### PROBLEM STATEMENT
Copy each of the entries below faithfully, setting aside any pictures.

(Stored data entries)
———

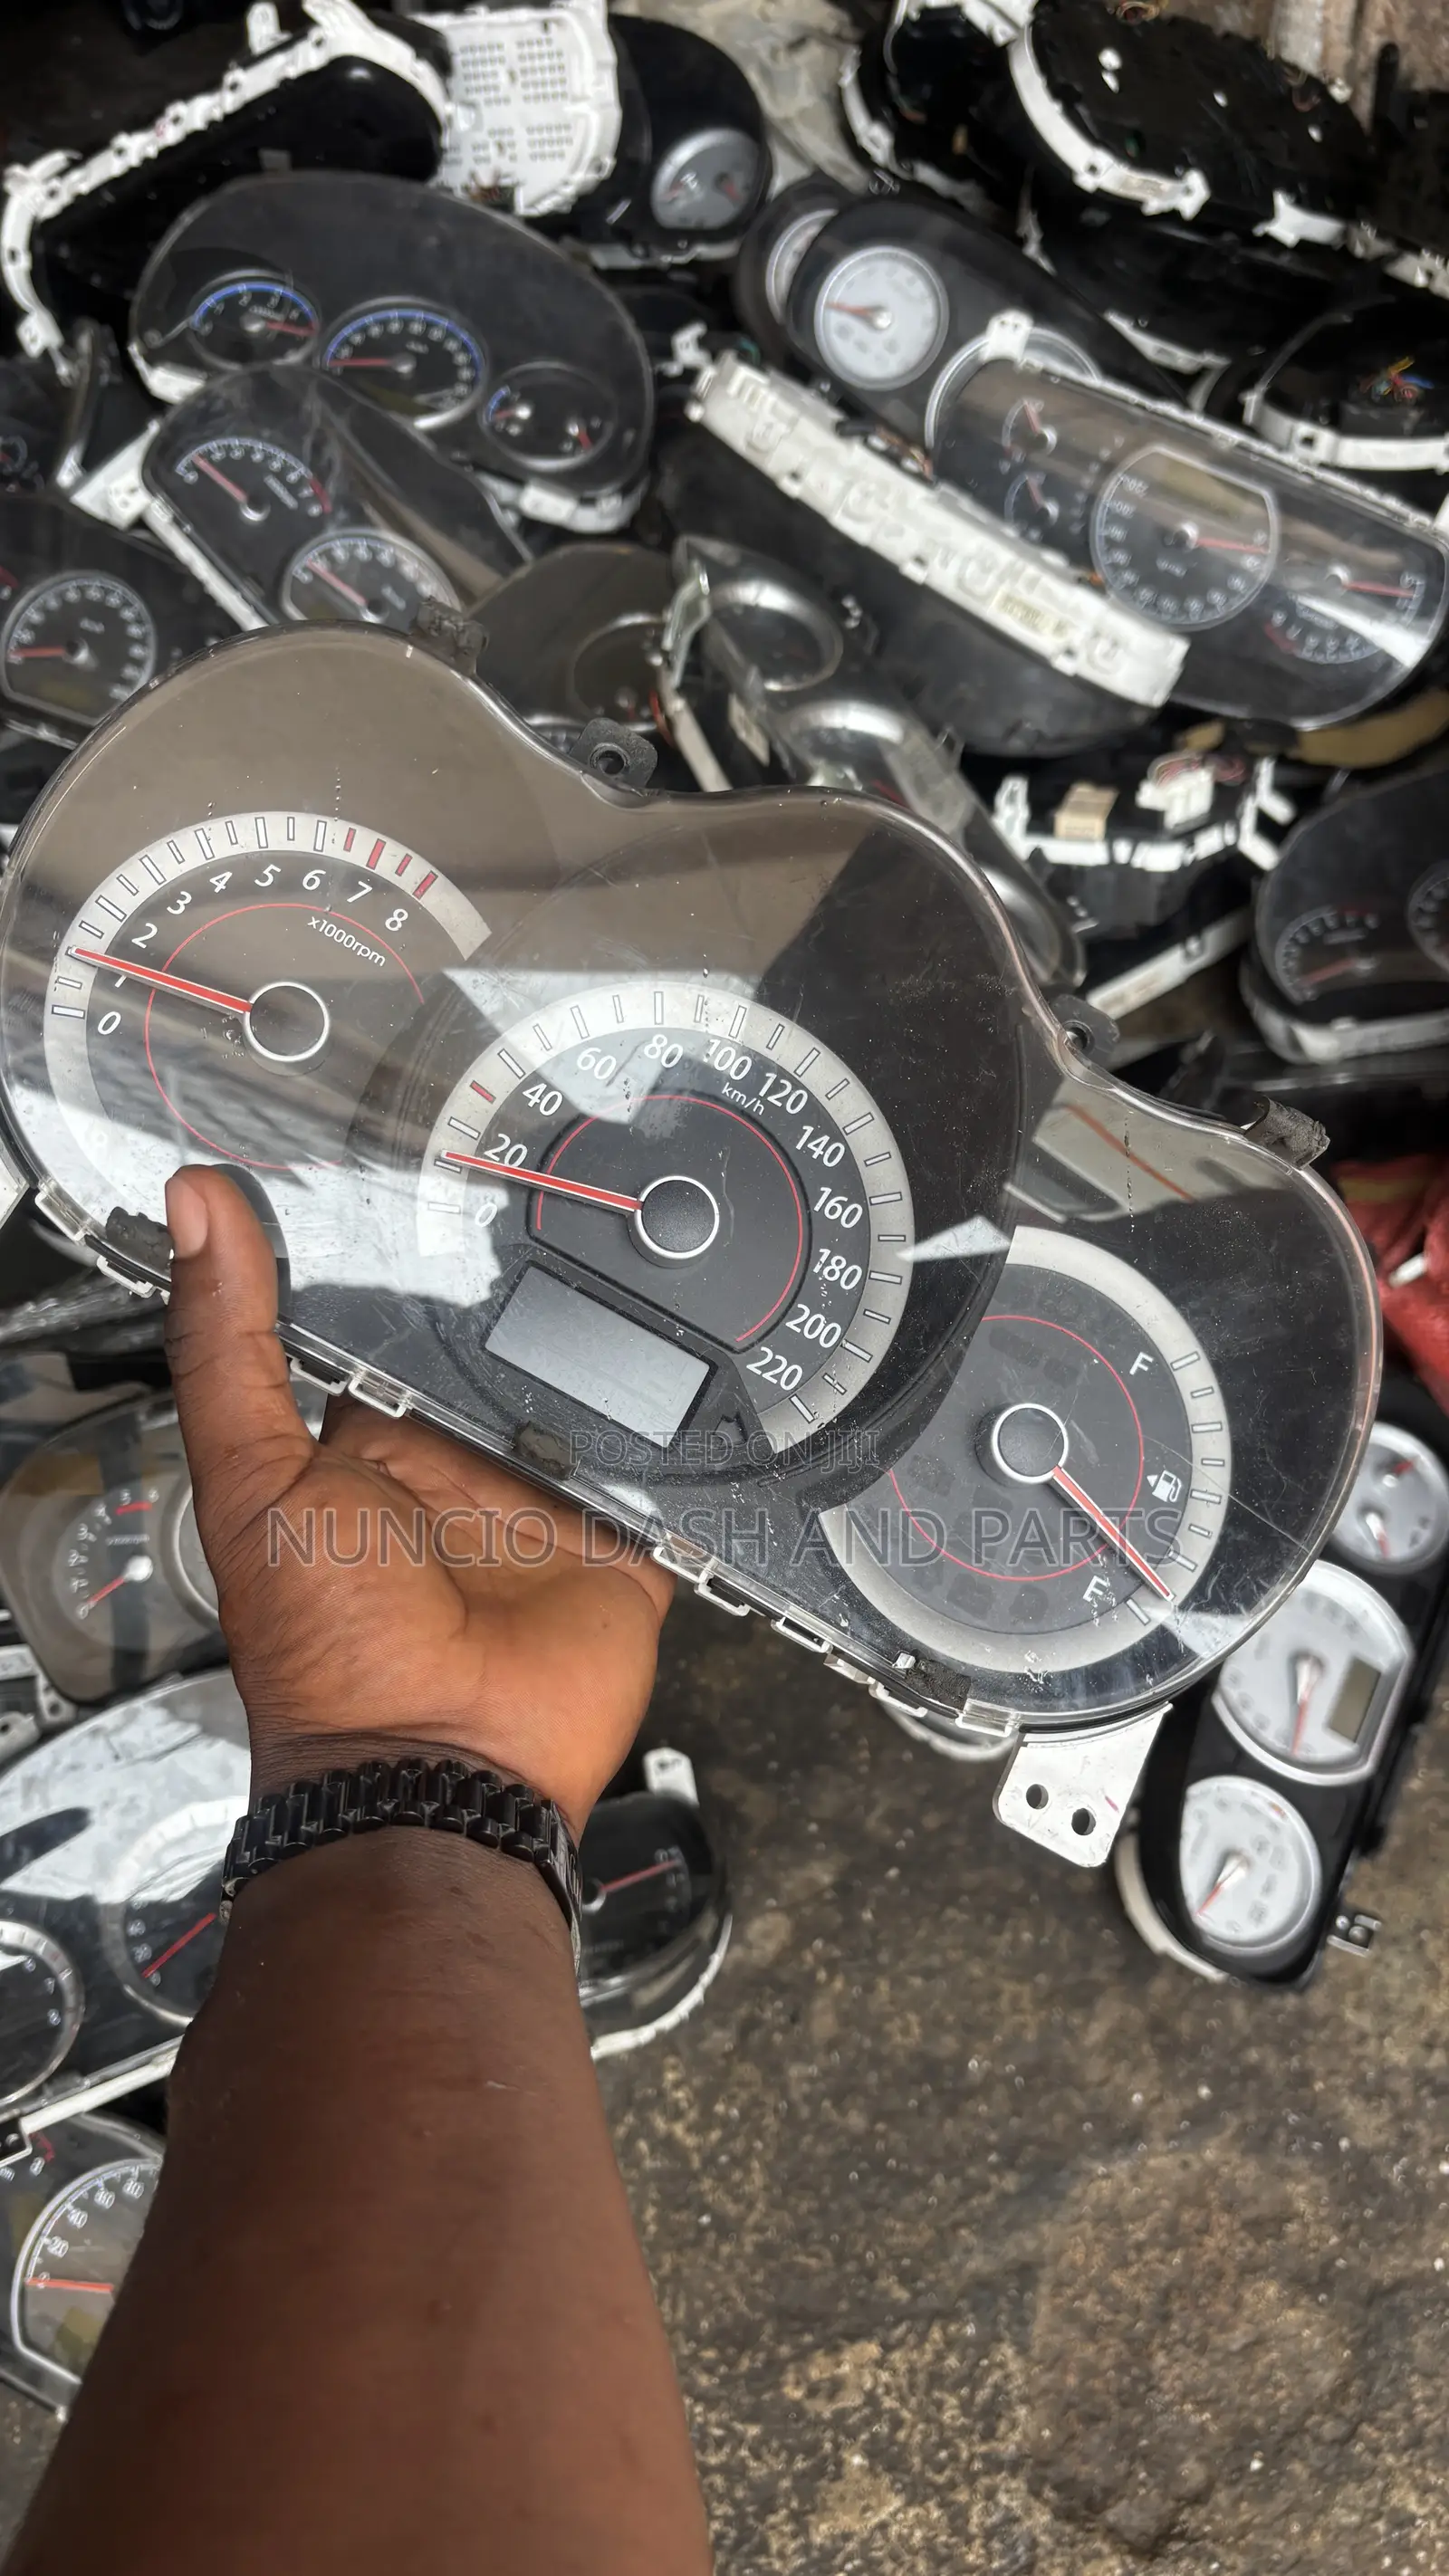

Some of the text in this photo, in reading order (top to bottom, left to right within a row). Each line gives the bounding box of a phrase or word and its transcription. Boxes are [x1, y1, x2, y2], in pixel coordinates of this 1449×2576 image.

[209, 870, 233, 894] 4
[254, 864, 281, 888] 5
[302, 868, 325, 891] 6
[346, 881, 372, 904] 7
[167, 891, 192, 915] 3
[131, 923, 158, 948] 2
[385, 908, 408, 932] 8
[307, 915, 386, 967] x1000rpm
[97, 1010, 122, 1036] 0
[576, 1047, 617, 1080] 60
[643, 1034, 684, 1068] 80
[702, 1039, 753, 1080] 100
[523, 1083, 563, 1117] 40
[721, 1083, 765, 1116] km/h
[756, 1073, 809, 1115] 120
[484, 1134, 528, 1167] 20
[795, 1125, 846, 1168] 140
[475, 1202, 498, 1227] 0
[813, 1187, 863, 1229] 160
[813, 1248, 863, 1291] 180
[785, 1303, 842, 1349] 200
[746, 1346, 803, 1392] 220
[1129, 1352, 1155, 1375] F
[1082, 1575, 1110, 1604] E

———

### TASK ANSWER
Some of the text in this photo, in reading order (top to bottom, left to right within a row). Each line gives the bounding box of a phrase or word and its transcription. Boxes are [x1, y1, x2, y2], in pixel coordinates of this 1449×2576 image.

[209, 870, 233, 894] 4
[254, 864, 281, 888] 5
[302, 868, 325, 891] 6
[346, 881, 372, 904] 7
[167, 891, 192, 915] 3
[131, 923, 158, 948] 2
[385, 908, 408, 932] 8
[307, 915, 386, 967] x1000rpm
[97, 1010, 122, 1036] 0
[576, 1047, 617, 1080] 60
[643, 1034, 684, 1068] 80
[702, 1039, 753, 1080] 100
[523, 1083, 563, 1117] 40
[721, 1083, 765, 1116] km/h
[756, 1073, 809, 1115] 120
[484, 1134, 528, 1167] 20
[795, 1125, 846, 1168] 140
[475, 1202, 498, 1227] 0
[813, 1187, 863, 1229] 160
[813, 1248, 863, 1291] 180
[785, 1303, 842, 1349] 200
[746, 1346, 803, 1392] 220
[1129, 1352, 1155, 1375] F
[1082, 1575, 1110, 1604] E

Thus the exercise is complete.